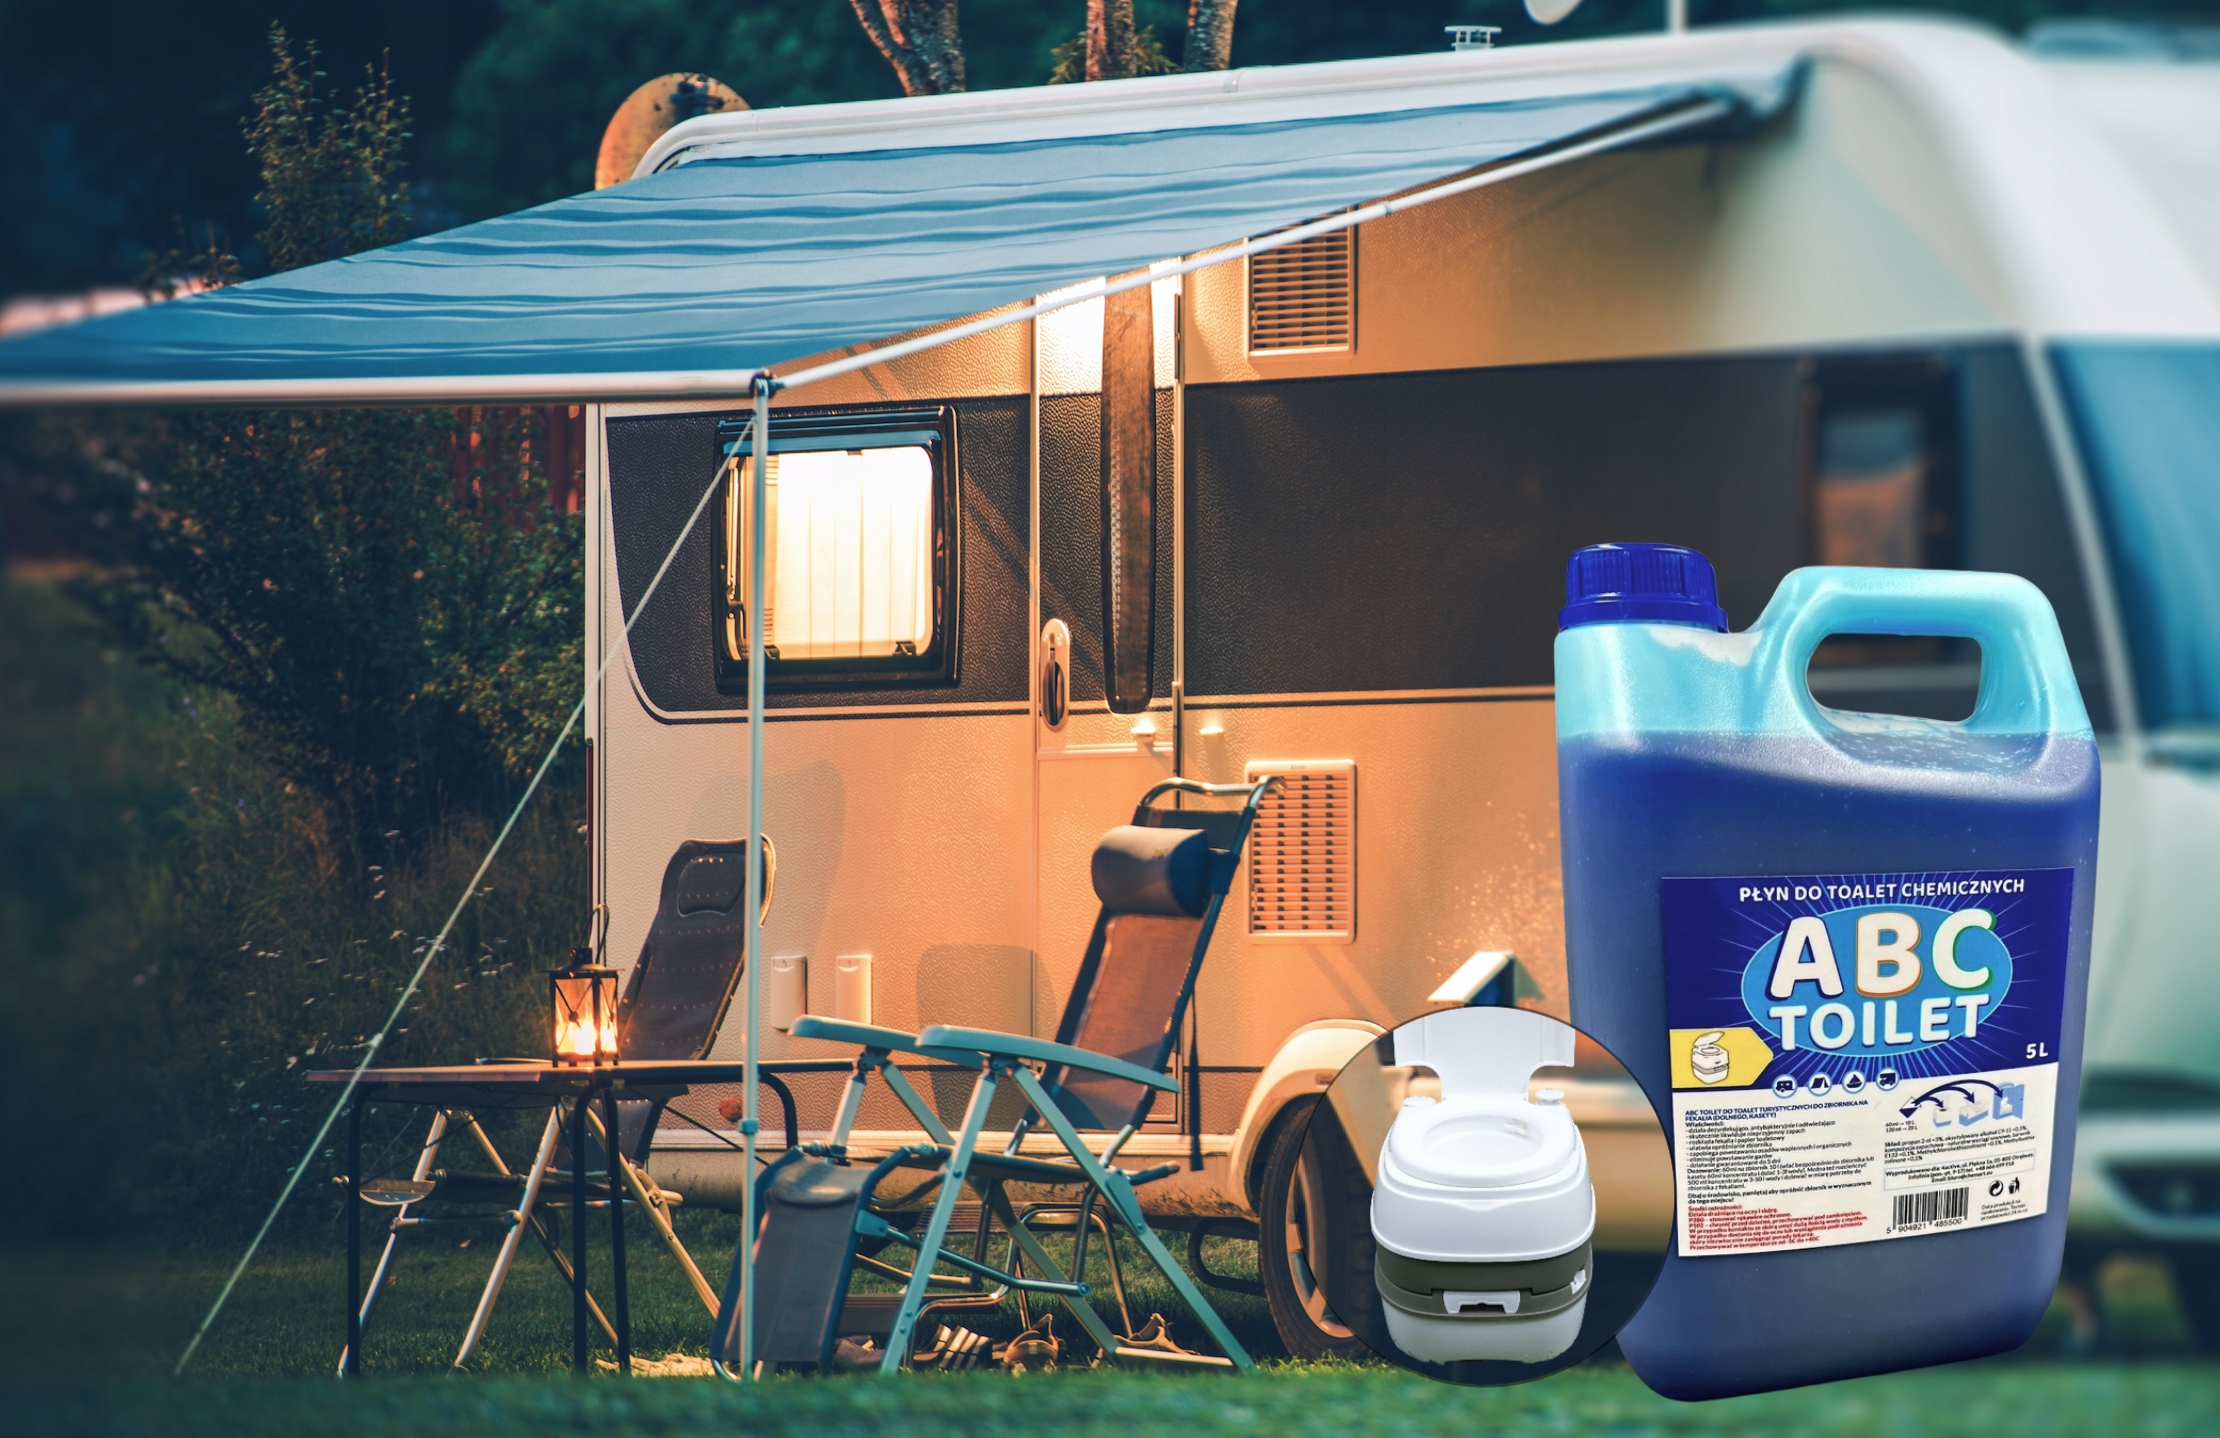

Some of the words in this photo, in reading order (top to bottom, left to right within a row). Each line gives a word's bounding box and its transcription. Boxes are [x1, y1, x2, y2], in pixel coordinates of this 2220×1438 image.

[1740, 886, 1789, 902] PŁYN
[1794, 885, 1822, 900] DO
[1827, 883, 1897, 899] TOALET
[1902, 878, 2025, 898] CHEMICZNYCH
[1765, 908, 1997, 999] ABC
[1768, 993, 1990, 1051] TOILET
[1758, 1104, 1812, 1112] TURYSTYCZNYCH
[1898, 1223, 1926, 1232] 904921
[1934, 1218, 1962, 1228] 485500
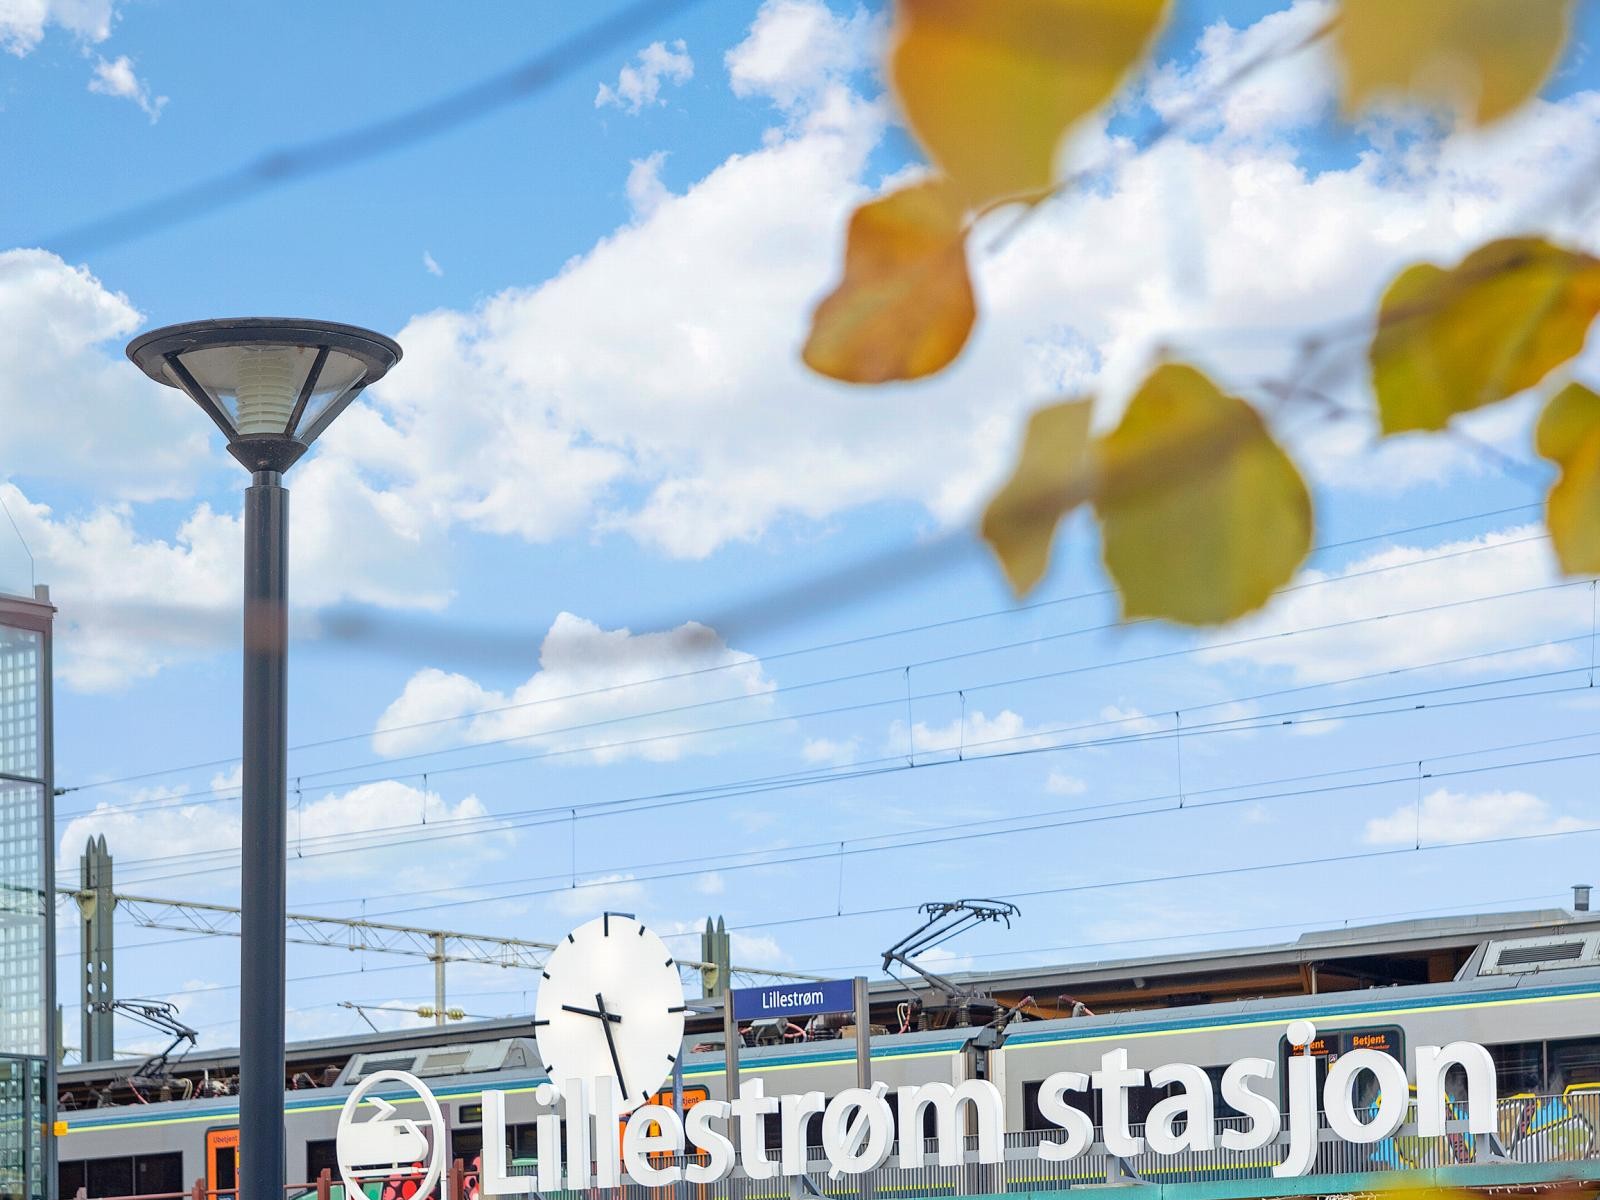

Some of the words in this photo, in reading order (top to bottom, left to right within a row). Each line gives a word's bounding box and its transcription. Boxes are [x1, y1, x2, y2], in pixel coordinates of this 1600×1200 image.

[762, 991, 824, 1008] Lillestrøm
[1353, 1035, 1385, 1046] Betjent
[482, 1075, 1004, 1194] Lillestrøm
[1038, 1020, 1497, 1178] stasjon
————————
Assignment.
If the data includes images, omit them, and set down everything else exactly as above.

Your response.
Some of the words in this photo, in reading order (top to bottom, left to right within a row). Each line gives a word's bounding box and its transcription. Boxes are [x1, y1, x2, y2], in pixel coordinates of this 2220×1438 image.

[1740, 886, 1789, 902] PŁYN
[1794, 885, 1822, 900] DO
[1827, 883, 1897, 899] TOALET
[1902, 878, 2025, 898] CHEMICZNYCH
[1765, 908, 1997, 999] ABC
[1768, 993, 1990, 1051] TOILET
[1758, 1104, 1812, 1112] TURYSTYCZNYCH
[1898, 1223, 1926, 1232] 904921
[1934, 1218, 1962, 1228] 485500

Some of the words in this photo, in reading order (top to bottom, left to right within a row). Each line gives a word's bounding box and its transcription. Boxes are [x1, y1, x2, y2], in pixel coordinates of this 1600×1200 image.

[762, 991, 824, 1008] Lillestrøm
[1353, 1035, 1385, 1046] Betjent
[482, 1075, 1004, 1194] Lillestrøm
[1038, 1020, 1497, 1178] stasjon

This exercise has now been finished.